India currently has 1.33 billion people. The nation is rapidly running out of drinkable water. 600 million already face acute water shortages in major cities across the country. Another 21 major Indian cities will run out of groundwater in 2020, parching a further 100 million people unto death.
Monsoon rains, upon which India has long depended, are becoming increasingly erratic with global climate change. Monsoon rainfall levels have significantly declined this decade. This year the monsoons arrived late, amid a summer heat wave that killed 140 people.
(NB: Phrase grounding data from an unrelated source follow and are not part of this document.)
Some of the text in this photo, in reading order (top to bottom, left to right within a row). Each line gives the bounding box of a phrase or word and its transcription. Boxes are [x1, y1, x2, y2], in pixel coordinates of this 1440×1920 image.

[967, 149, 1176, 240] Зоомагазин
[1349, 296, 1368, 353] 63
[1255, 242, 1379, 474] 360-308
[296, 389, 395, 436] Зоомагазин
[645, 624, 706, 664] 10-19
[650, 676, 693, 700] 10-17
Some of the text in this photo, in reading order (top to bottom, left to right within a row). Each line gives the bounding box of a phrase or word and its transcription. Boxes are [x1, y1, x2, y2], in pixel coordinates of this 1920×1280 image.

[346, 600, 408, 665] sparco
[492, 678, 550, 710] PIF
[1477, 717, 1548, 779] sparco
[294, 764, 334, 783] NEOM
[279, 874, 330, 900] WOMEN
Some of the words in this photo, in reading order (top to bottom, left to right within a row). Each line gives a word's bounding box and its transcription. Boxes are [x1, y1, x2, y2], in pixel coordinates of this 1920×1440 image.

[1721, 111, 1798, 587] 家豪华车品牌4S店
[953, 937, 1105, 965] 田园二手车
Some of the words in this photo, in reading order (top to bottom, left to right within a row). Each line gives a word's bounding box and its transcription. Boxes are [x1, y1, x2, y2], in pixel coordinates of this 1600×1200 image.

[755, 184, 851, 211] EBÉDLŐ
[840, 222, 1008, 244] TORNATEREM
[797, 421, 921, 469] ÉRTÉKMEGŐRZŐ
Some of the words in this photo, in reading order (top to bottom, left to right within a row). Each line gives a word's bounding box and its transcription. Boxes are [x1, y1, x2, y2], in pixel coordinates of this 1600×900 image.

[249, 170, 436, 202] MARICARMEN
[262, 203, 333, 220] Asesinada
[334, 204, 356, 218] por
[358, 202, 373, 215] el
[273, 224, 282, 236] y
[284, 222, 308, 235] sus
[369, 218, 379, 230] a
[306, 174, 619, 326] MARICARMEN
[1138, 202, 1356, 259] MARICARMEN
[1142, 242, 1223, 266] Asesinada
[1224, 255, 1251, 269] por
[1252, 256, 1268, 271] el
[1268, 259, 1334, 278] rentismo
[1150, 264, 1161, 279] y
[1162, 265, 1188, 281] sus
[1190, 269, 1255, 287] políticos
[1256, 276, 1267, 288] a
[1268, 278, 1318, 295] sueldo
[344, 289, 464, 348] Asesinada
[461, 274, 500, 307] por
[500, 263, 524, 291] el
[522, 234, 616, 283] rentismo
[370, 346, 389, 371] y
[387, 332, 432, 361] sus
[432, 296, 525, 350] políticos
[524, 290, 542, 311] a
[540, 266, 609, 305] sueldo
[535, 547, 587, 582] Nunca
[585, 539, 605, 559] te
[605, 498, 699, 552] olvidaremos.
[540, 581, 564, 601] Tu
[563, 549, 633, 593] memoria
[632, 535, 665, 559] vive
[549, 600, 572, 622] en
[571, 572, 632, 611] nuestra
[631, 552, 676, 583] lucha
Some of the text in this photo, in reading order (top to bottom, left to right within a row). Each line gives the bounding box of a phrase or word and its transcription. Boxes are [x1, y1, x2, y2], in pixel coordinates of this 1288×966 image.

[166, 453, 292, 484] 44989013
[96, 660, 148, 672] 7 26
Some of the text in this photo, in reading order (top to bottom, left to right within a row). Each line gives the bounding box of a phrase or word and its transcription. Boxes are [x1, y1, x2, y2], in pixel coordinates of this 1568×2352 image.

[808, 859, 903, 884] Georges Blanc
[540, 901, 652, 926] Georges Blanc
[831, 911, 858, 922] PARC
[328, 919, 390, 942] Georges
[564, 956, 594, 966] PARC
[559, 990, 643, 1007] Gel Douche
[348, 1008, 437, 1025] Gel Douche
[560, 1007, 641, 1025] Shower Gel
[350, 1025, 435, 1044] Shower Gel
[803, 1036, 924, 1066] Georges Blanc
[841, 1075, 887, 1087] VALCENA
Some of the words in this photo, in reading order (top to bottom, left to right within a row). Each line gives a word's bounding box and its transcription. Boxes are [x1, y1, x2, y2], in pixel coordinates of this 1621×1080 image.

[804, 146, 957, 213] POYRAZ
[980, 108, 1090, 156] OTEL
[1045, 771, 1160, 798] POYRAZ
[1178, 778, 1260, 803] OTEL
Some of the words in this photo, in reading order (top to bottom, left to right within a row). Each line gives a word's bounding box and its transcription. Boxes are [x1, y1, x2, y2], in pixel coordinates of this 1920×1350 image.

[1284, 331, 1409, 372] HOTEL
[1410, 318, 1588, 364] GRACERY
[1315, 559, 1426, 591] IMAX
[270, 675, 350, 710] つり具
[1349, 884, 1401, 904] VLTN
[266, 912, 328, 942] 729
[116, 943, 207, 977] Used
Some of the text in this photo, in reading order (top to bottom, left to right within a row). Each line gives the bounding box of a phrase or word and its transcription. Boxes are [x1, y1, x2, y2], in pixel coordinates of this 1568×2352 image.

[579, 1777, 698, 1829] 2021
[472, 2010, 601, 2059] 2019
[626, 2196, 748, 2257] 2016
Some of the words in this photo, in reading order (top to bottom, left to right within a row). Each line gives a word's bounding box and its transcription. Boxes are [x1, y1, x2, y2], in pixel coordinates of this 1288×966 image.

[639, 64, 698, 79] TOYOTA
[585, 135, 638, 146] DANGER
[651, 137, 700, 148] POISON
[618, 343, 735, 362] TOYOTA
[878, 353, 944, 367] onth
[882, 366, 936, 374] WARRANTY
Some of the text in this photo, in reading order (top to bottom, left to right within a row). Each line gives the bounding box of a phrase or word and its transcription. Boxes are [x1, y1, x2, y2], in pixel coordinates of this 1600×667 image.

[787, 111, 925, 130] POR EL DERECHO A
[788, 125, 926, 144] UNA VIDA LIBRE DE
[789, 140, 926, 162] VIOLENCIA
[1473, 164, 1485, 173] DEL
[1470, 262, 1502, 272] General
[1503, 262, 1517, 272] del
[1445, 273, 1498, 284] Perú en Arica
India has long depleted its groundwater, which has traditionally supplied 40% of people’s water supply. “India’s groundwater resources are severely overdrawn, largely to provide water for irrigation,” reports India’s Central Ground Water Board. Like other countries, 90% of India’s water wastefully goes to agriculture.
Other sources are also running dry. 65% of India’s reservoirs are low.
Running water has already run out in many urban areas, including Chennai, India’s 6th largest city. Hundreds of thousands of Chennai residents wait in line for hours every day to fill their pots from government water tankers. Hospitals and schools lack sufficient water. People must wash their utensils in the same dirty water, saving a scant few bottles of clean water to cook food.
“Since 1990, cities in India grew very rapidly,” said Samrat Basak, director of the World Resource Institution India’s Urban Water Program. “But they grew without considering where resources are coming from.” During urbanization, natural water reservoirs were polluted and destroyed; raw sewage dumped into creeks and rivers rather than treated (a traditional practice worldwide, and still popular in many industrialized countries).
Indians don’t bother to collect rainwater or conserve their rapidly dwindling water resources. This despite the monsoons providing ample seasonal rainfall.
Indians casually foul their water supplies. 70% of India’s population is still rural. 50% of rural water supplies are routinely contaminated with toxic bacteria.
“India is lagging far behind the rest of the world in providing water and sanitation both to its rural and urban populations,” noted World Bank economist Smita Misra. “Not one city in India provides water on an all-day, everyday basis.”
Across the country, Indian governments did nothing to keep water clean or work to ensure a continuing supply. Just this month, Indian policy analyst Brahma Chellaney noted, “the Indian government attempts to show the country that the government appears to be doing something, when in actual terms they have done nothing.” The Indian government under Prime Minister Narendra Modi has made hollow promises about securing India’s water supply, wasting money on worthless huge water projects.
Water shortages have created a liquid apartheid. The rich pay $216 a day for their water, while the poor wait for hours for what little government tanker trucks provide. Local water mafias traffic the precious liquid. “Climate change will have devastating consequences for people in poverty,” noted a United Nations human rights report.
200,000 already die each year from thirst or drinking dirty water. That toll in India will rise to the millions annually within the next few years. And that is just the prelude. Lack of water and blazing heat will depopulate India within the next few decades. Already in the past 20 years air temperature has gone up 2 °C, to an average 26.3 °C (80° F).
Sources:
Meera Subramanian, “India’s terrifying water crisis,” The New York Times (15 July 2019).
Jessie Young et al, “India has just five years to solve its water crisis, experts fear. Otherwise hundreds of millions of lives will be in danger,” CNN (4 July 2019).
Jeffrey Gettleman, “India threatens a new weapon against Pakistan: water,” The New York Times (21 February 2019).
Gardiner Harris, “Rains or not, India is falling short on drinkable water,” The New York Times (12 March 2013).
“Five troubling facts about India’s water crisis,” The Weather Channel (25 August 2019).